Simplexa COVID-19 Direct, REF: MOL4150; including Reaction Mix, REF: MOL4150; with previous assay definition v2

Recall Insight

This FDA Devices action (record #Z-1209-2023) was formally reported on March 15, 2023, with the manufacturer initiating the action on January 30, 2023. It is classified under Moderate severity (Class II), with a current status of Ongoing. DiaSorin Molecular LLC is listed as the recalling firm, operating out of Cypress, CA. Federal records indicate 90142 units are affected.

The documented reason for this recall is: Direct amplification Discs , used with COVID-19 and Flu A/B & RSV assays, may leak and cause contamination, cross-contamination, invalid results, and error codes. Distribution data in the federal record shows the product reached: US Nationwide distribution including in the states of NJ, ME, ND, IL, MI, FL, GA, AZ, MA, CA, MO, SD, MN, PA, OH, VT, NE, WI, CO, DC, VA, TX, NH, IN, IA, MD, NC, AL, NY, KY, WV, RI, KS, NM, OK, WA, SC, CT, TN, NV, LA.. Distribution scope directly affects the consumer exposure window and determines whether a recall remains regional or escalates into a nationwide advisory.

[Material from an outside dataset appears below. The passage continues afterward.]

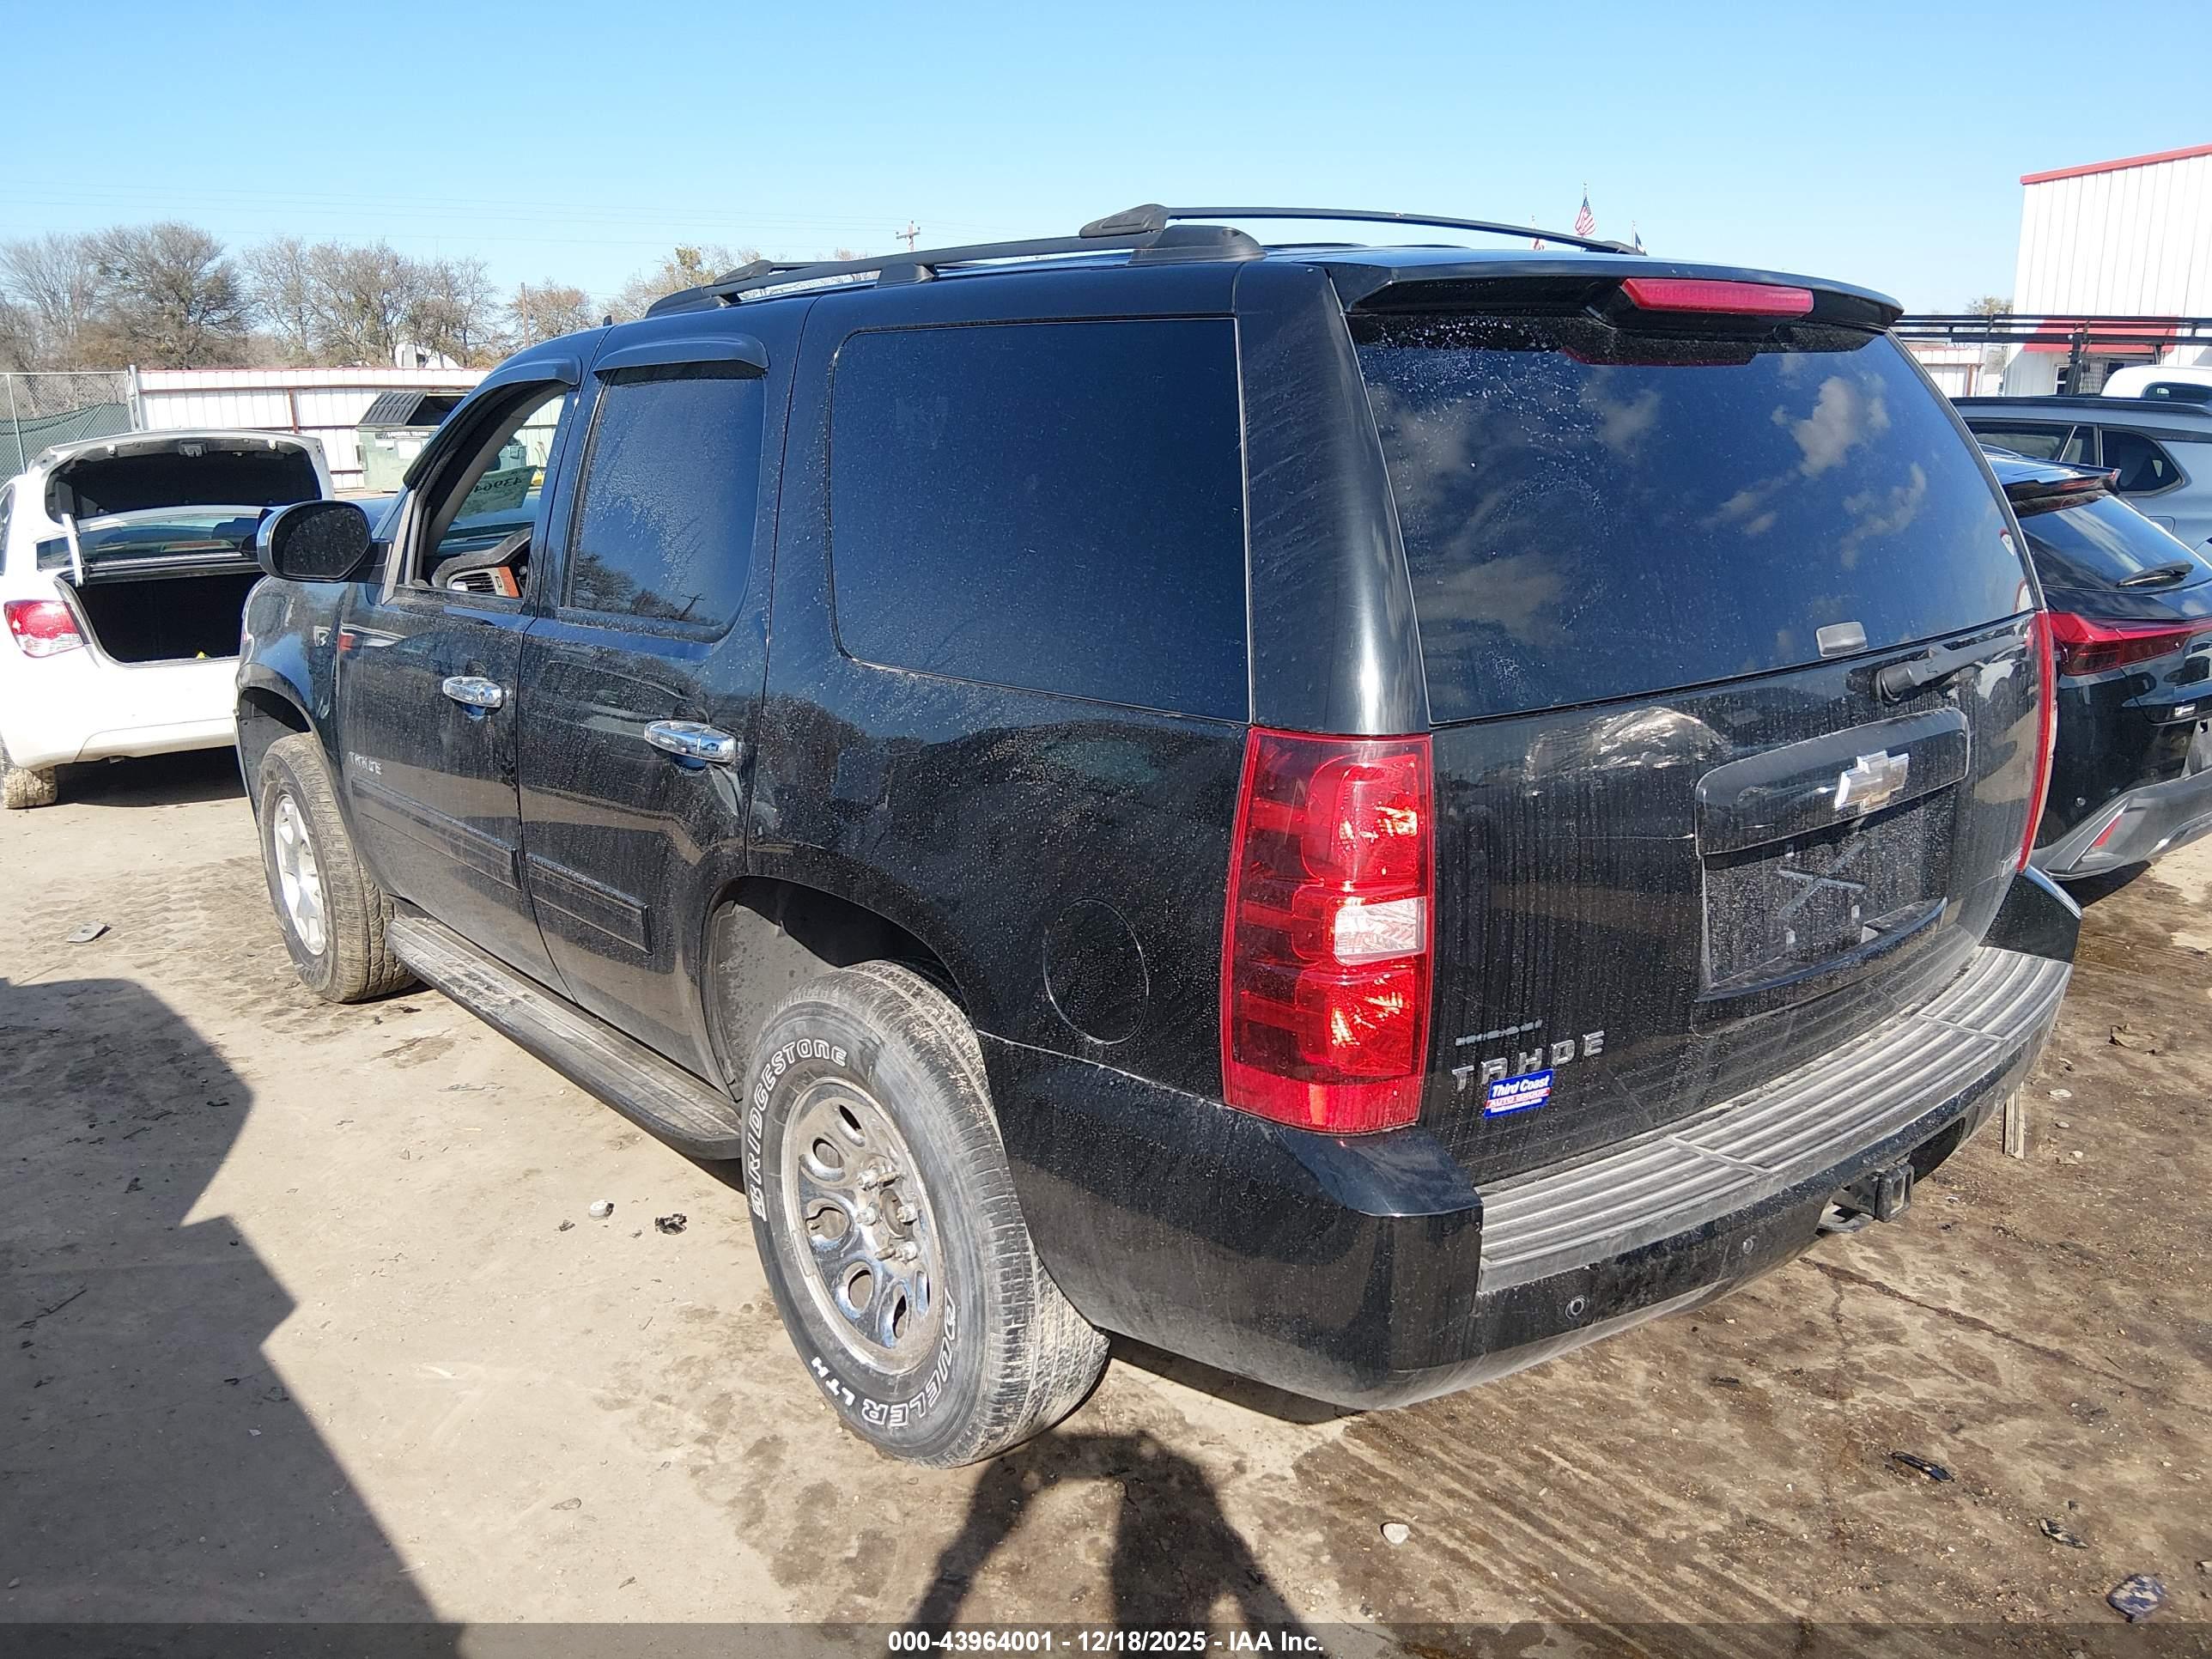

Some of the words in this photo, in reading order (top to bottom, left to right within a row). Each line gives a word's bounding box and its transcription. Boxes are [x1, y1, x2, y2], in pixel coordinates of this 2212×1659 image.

To put this record in context, PlainRecalls indexes 83,949 recalls across the FDA, CPSC, NHTSA and USDA FSIS going back to 1995. Within the same product category, the database holds 6 closely related recalls, of which 6 were also issued by FDA Devices. That clustering is a signal — repeated actions in a narrow category often indicate a systemic quality-control issue, a supplier-wide contamination, or a design defect that has propagated across product lines. This recall is roughly 3 years old; older recalls can remain relevant because many units enter resale, rental, and secondary-market channels where the original warning never reaches the end user. Always cross-check the recall number against the official agency page before relying on any summary.